--- START ---
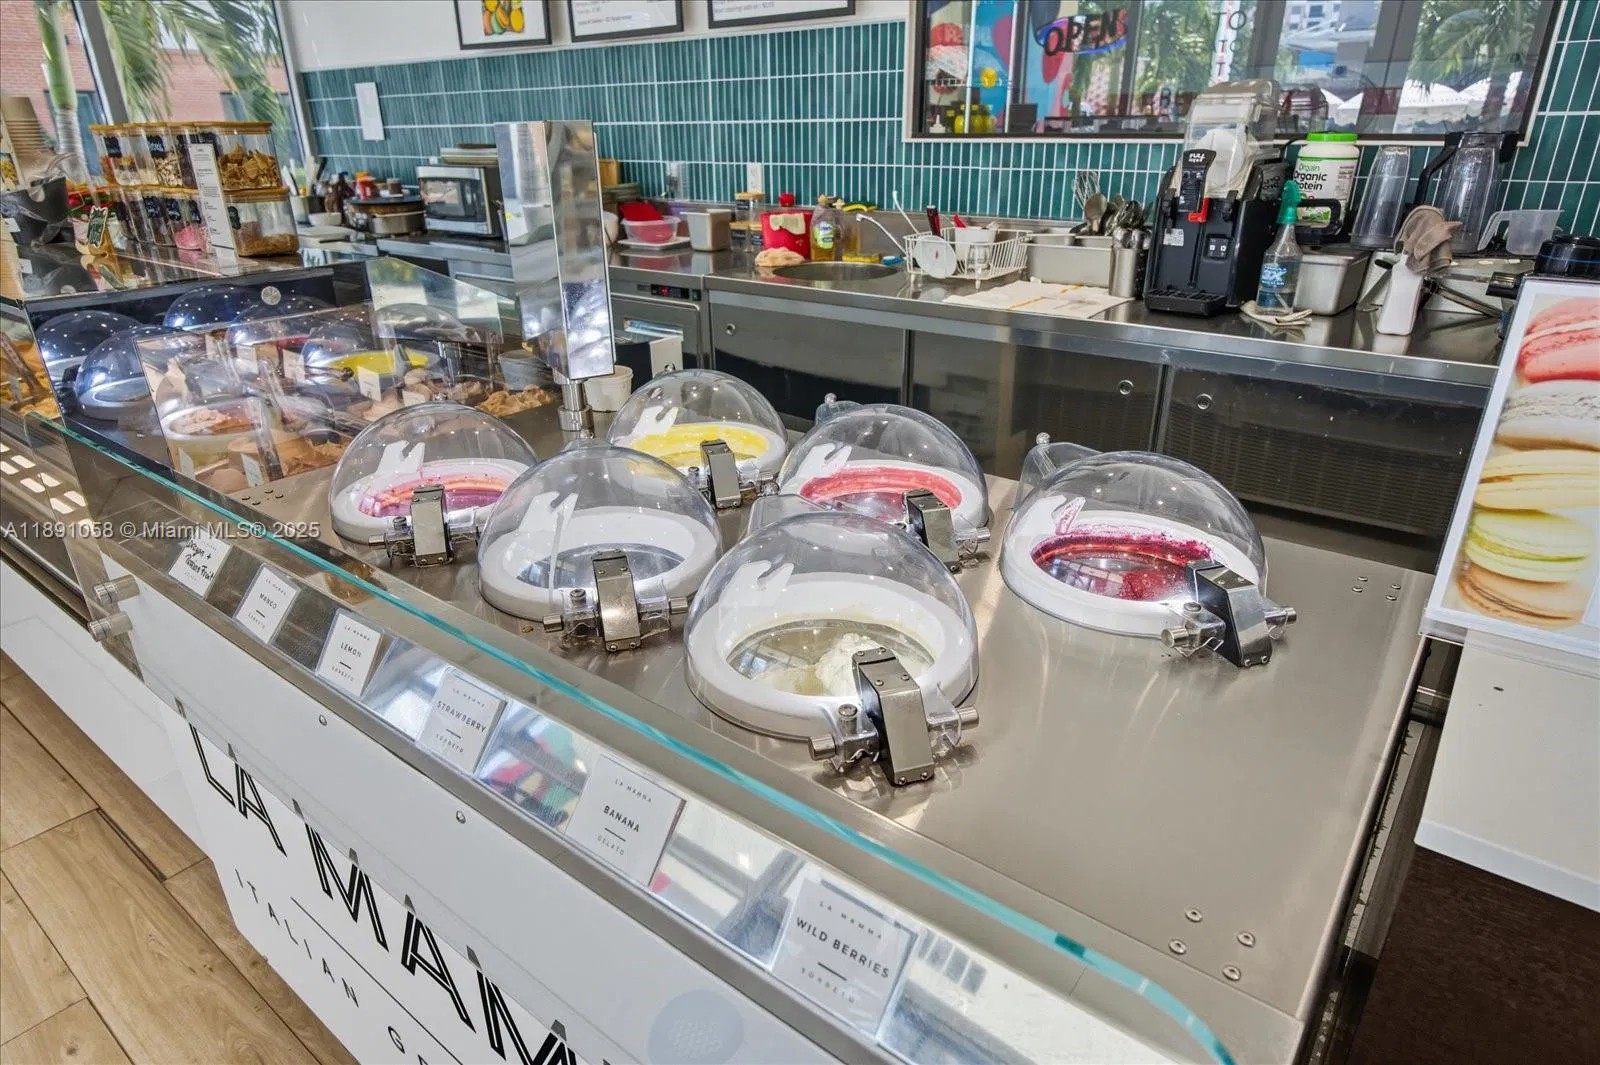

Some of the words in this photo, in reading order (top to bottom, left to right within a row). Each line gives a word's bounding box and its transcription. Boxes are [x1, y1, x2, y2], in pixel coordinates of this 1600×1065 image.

[1044, 8, 1121, 56] OPEN
[1293, 171, 1328, 182] Organic
[259, 592, 277, 610] MANGO
[340, 642, 362, 658] LEMON
[437, 700, 487, 733] STRAWBERRY
[186, 715, 288, 858] LA
[603, 805, 640, 833] BANANA
[234, 868, 359, 1008] ITALIAN
[796, 916, 828, 942] WILD
[832, 938, 889, 979] BERRIES
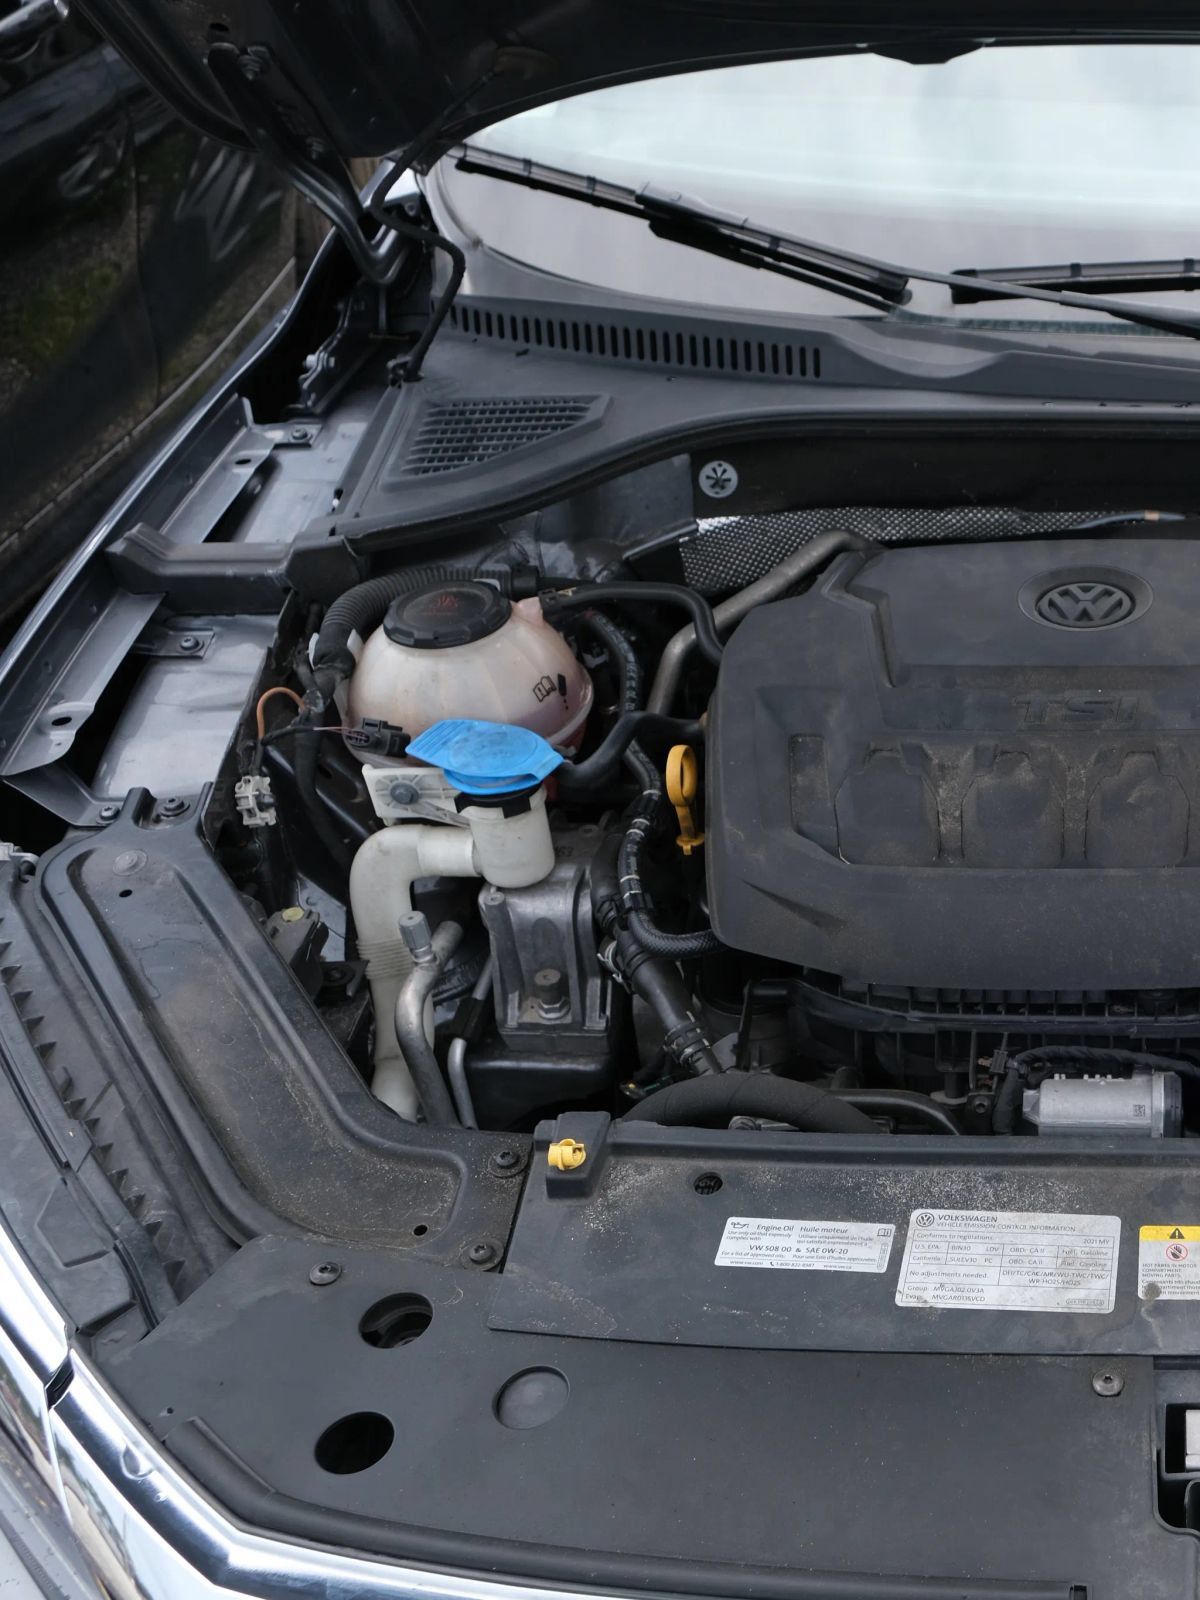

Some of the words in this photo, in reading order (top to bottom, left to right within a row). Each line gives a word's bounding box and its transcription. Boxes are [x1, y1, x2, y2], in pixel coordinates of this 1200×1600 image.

[1013, 697, 1140, 723] TSI
[938, 1214, 998, 1222] VOLKSWAGEN
[757, 1224, 782, 1232] Engine
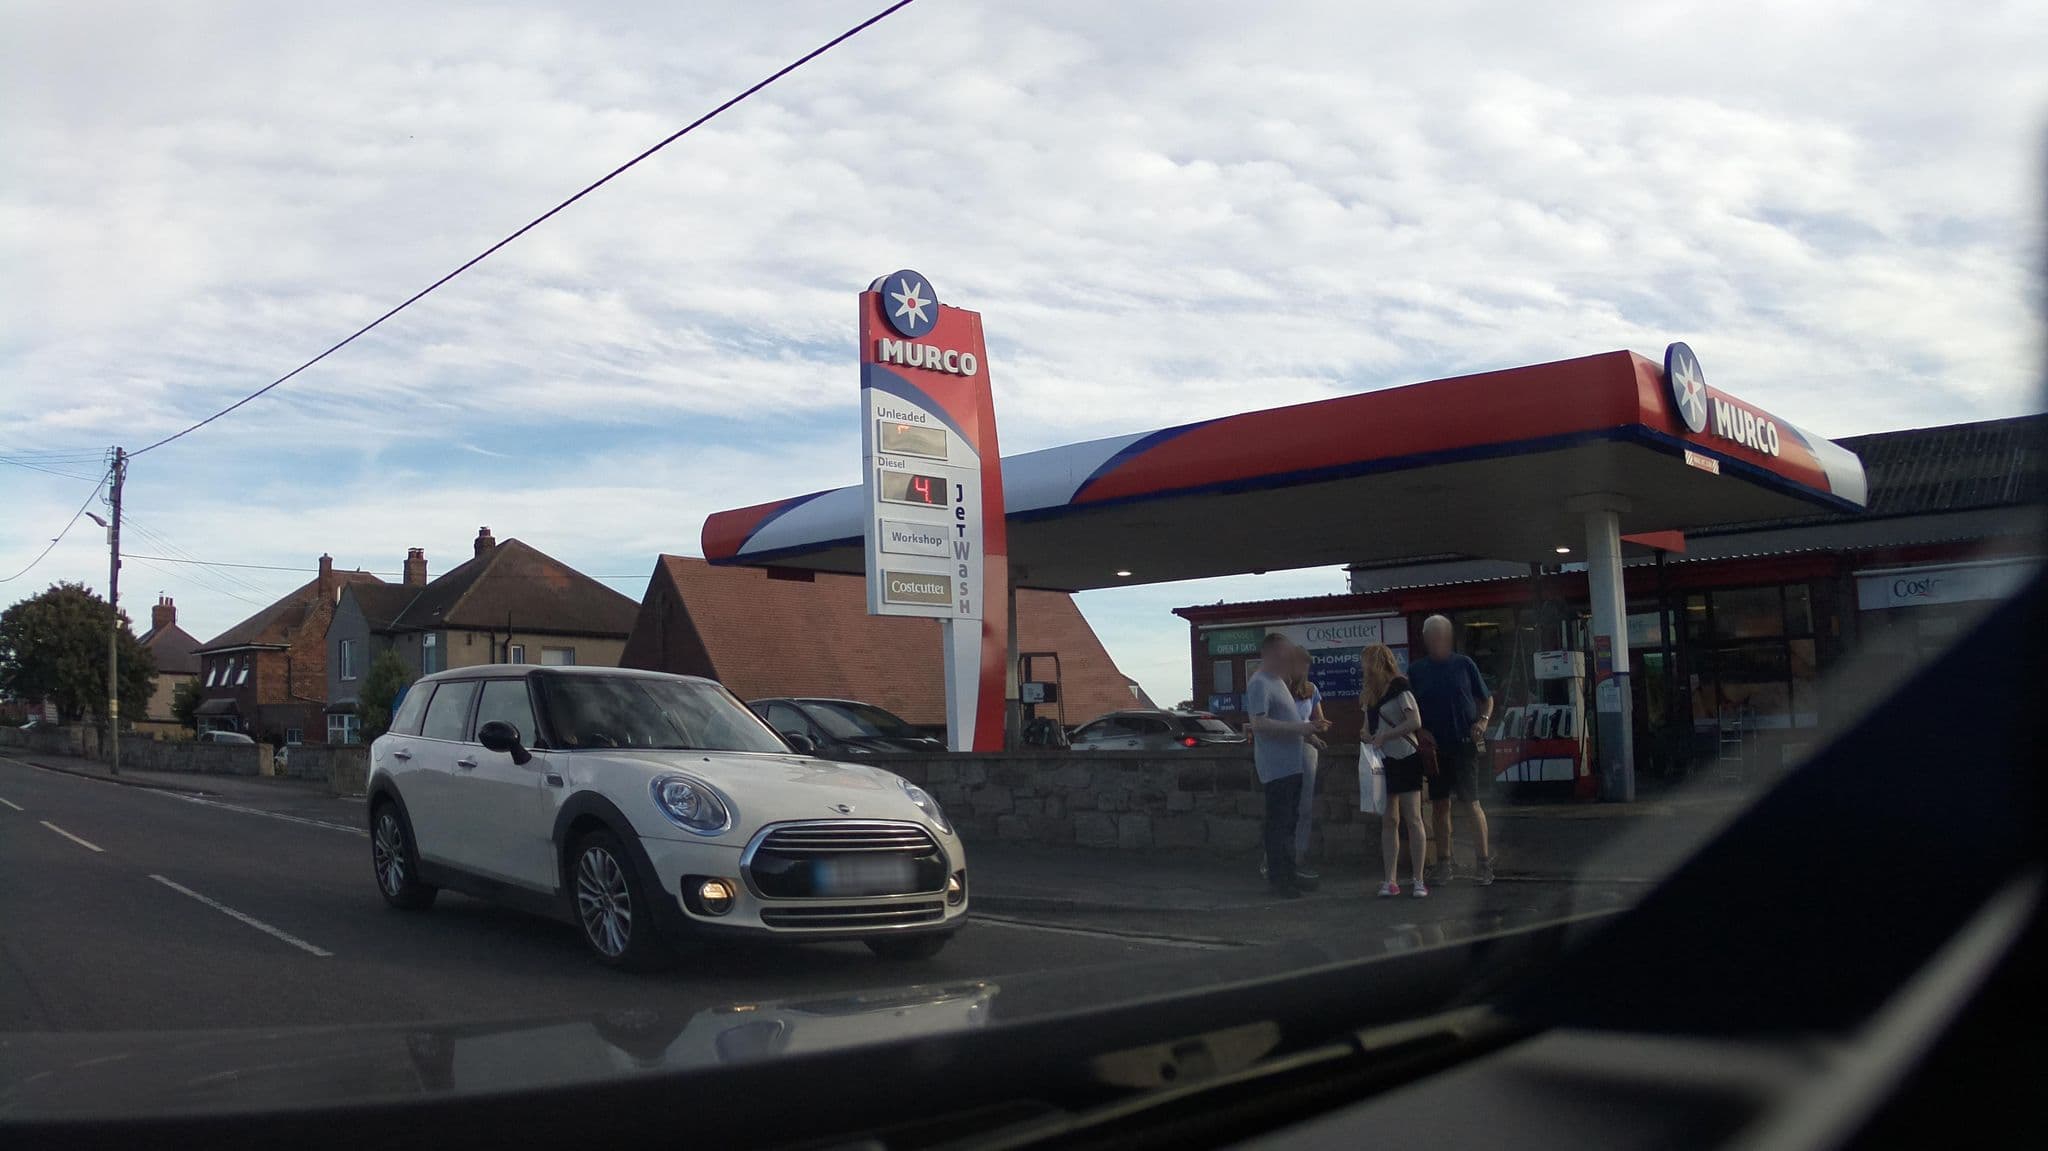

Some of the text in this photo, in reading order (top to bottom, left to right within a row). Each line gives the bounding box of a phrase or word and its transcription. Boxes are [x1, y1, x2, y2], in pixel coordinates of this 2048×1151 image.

[880, 338, 978, 376] MURCO
[877, 406, 926, 423] Unleaded
[1714, 397, 1780, 457] MURCO
[878, 457, 905, 469] Diesel
[891, 531, 943, 547] Workshop
[891, 580, 944, 595] Costcutter
[1306, 623, 1377, 642] Costcutter
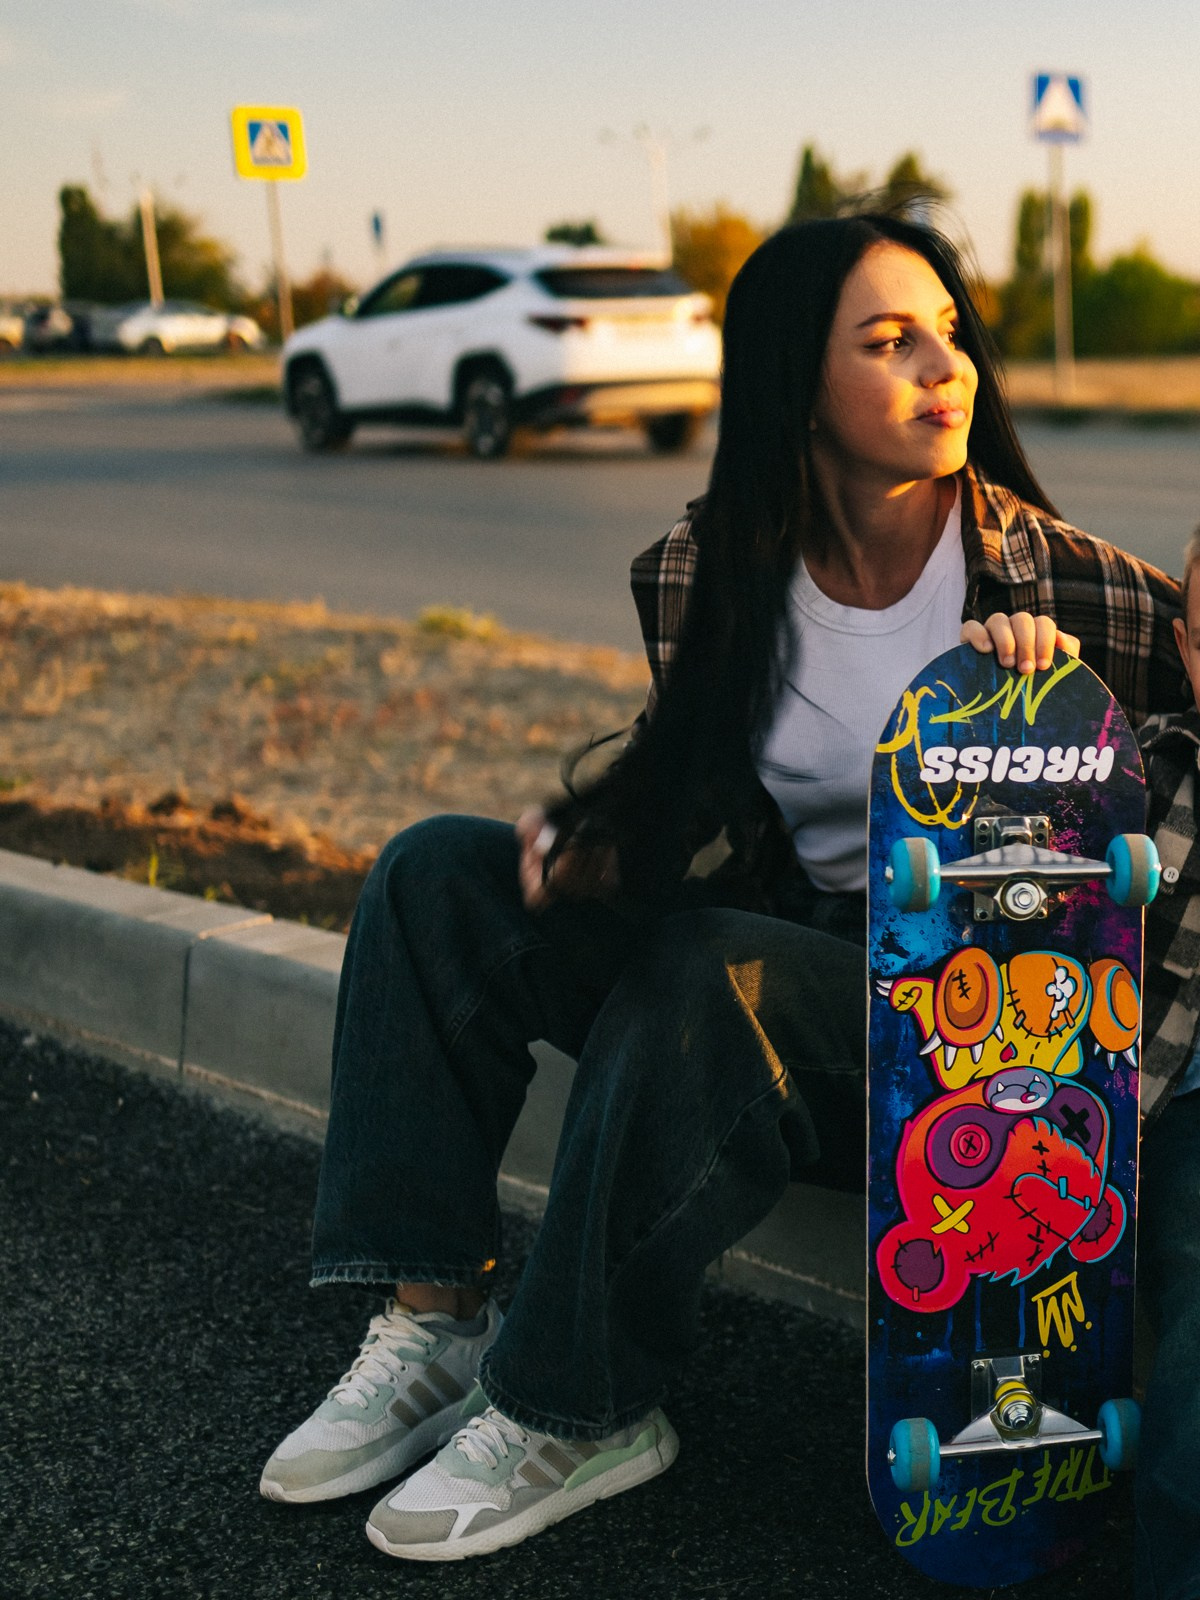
--- END ---
The problem:
Could you write out, word for word, the lines from the one containing "this 1200×1600 image." through the last line of the records, leaving out the pictures?

Reply:
Some of the words in this photo, in reading order (top to bottom, left to right within a row). Each line gives a word's bounding box and its transcription. Boxes are [x1, y1, x2, y2], in pixel coordinates of this 1200×1600 image.

[1013, 697, 1140, 723] TSI
[938, 1214, 998, 1222] VOLKSWAGEN
[757, 1224, 782, 1232] Engine

Some of the text in this photo, in reading order (top to bottom, left to right within a row). Each line gives the bounding box of a phrase or word and its transcription. Boxes are [x1, y1, x2, y2], in pixel coordinates of this 2048×1151 image.

[880, 338, 978, 376] MURCO
[877, 406, 926, 423] Unleaded
[1714, 397, 1780, 457] MURCO
[878, 457, 905, 469] Diesel
[891, 531, 943, 547] Workshop
[891, 580, 944, 595] Costcutter
[1306, 623, 1377, 642] Costcutter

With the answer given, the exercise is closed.